Los avances en diversos campos, desde la robótica hasta la inteligencia artificial, ofrecen herramientas para reducir barreras físicas, incrementar la autonomía personal y facilitar la participación en los ámbitos social, educativo y laboral. Investigaciones señalan que un área que representa un aporte significativo es la tecnología de asistencia física. Asimismo, dispositivos como sillas de ruedas eléctricas, exoesqueletos, prótesis robóticas y andadores equipados con sensores brindan a muchas personas la posibilidad de recuperar o mejorar su movilidad.
Teniendo en cuenta el entorno digital, ya existen adaptaciones que permiten el uso de computadoras, teléfonos y tabletas para personas con discapacidad motriz. Esto incluye teclados especializados, pantallas táctiles accesibles, sistemas de control por comandos de voz o mediante el seguimiento del movimiento ocular. Esto con el objetivo de posibilitar la comunicación, el estudio y el trabajo a personas con movilidad reducida.

Junto a esto, la transformación digital del mercado laboral presenta un escenario con potencial para la inclusión. La adquisición de competencias digitales se identifica como un factor esencial, dado que la brecha digital puede ser un elemento de desigualdad. Por ello, la consolidación del teletrabajo es una oportunidad concreta, pues permite desempeñar un puesto laboral eliminando las barreras relacionadas con el desplazamiento físico. Además, la robotización y digitalización tienen el potencial de reducir barreras de discriminación históricamente basadas en la fuerza física o roles preestablecidos.
En la actualidad, existen testimonios de personas con discapacidades que manifiestan que la tecnología ha mejorado su calidad de vida, facilitando formación, acceso al empleo, ocio o comunicación. Asimismo se citan ejemplos de las ventajas como gestionar citas médicas en línea, disfrutar de contenidos con audiodescripción, pedir ayuda con un botón o conectar con otras personas en situación similar.
Sin embargo, el panorama no está exento de desafíos. La principal sombra es el acceso desigual a la tecnología, un campo en constante evolución que no siempre avanza al ritmo de las necesidades de las personas. La sustitución de interfaces físicas por pantallas táctiles puede excluir a quienes no pueden manejarlas.
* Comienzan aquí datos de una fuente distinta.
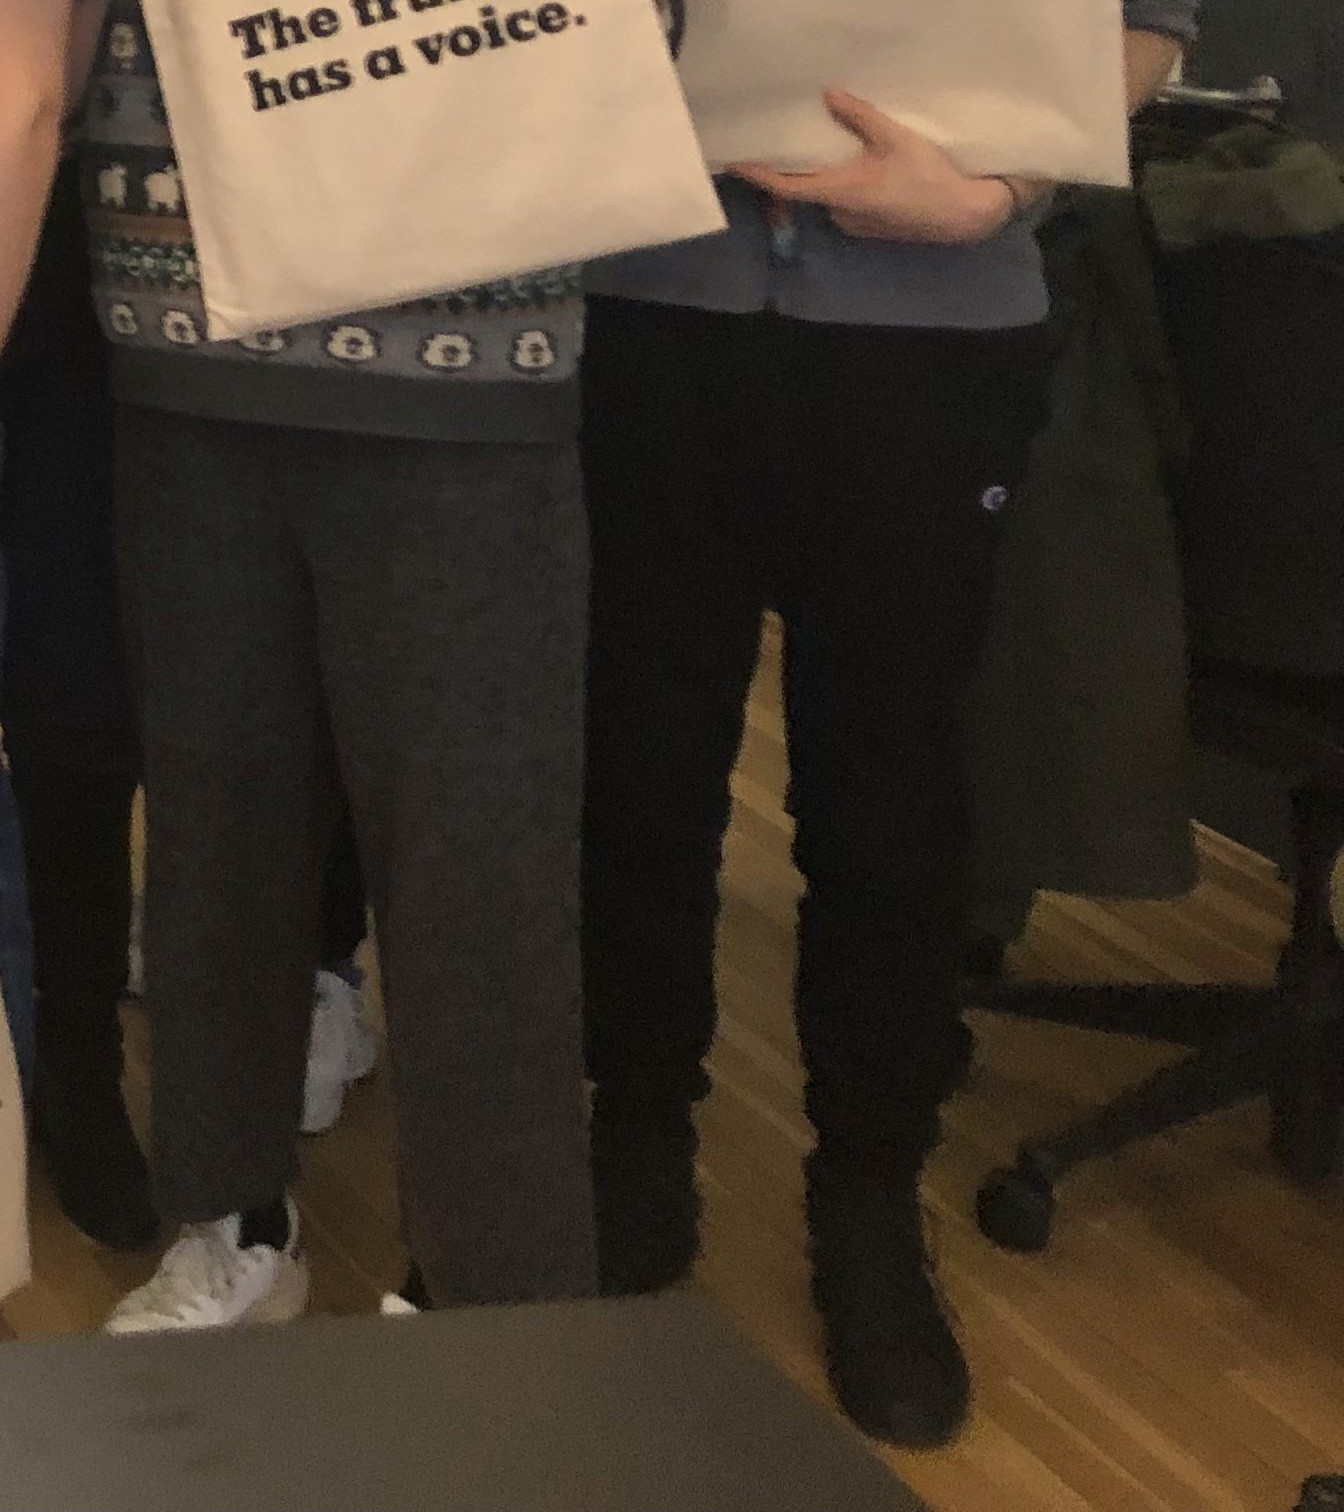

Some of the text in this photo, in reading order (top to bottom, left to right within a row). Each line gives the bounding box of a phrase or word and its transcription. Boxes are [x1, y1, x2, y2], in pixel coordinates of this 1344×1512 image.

[228, 6, 342, 60] The
[245, 1, 587, 112] has a voice.
Asimismo, el coste económico de los dispositivos y adaptaciones puede ser una barrera para su adquisición. Otras dificultades incluyen la complejidad funcional de algunos equipos y la posible reticencia ante lo desconocido. Frente a estos retos, se plantean varias líneas de acción. La accesibilidad y usabilidad son retos centrales en el diseño. Es crucial crear canales, contenidos y tecnologías que empleen comunicación clara y sencilla, asegurando el derecho a la información.
La Inteligencia Artificial puede ser una aliada para eliminar barreras físicas en el entorno laboral, mejorando la empleabilidad de personas con movilidad o comunicación reducidas. De igual forma, herramientas como la lectura fácil, que emplea lenguaje sencillo y directo, son fundamentales para que personas con discapacidad intelectual puedan comprender textos, tecnología y acceder al mercado laboral en igualdad de condiciones.
También, para discapacidad visual, existen lectores de pantalla, impresoras braille y magnificadores. Para discapacidad auditiva, intérpretes de lengua de signos virtuales y prótesis avanzadas. La oferta para discapacidad intelectual, aunque menor, incluye aplicaciones basadas en pictogramas.
En el ámbito educativo específico para la discapacidad motora, el enfoque debe centrarse en superar las barreras contextuales y estimular la autonomía. Dada la gran heterogeneidad de este colectivo, las soluciones tecnológicas (como conmutadores, teclados especializados, ratones adaptados o software de control alternativo) deben individualizarse.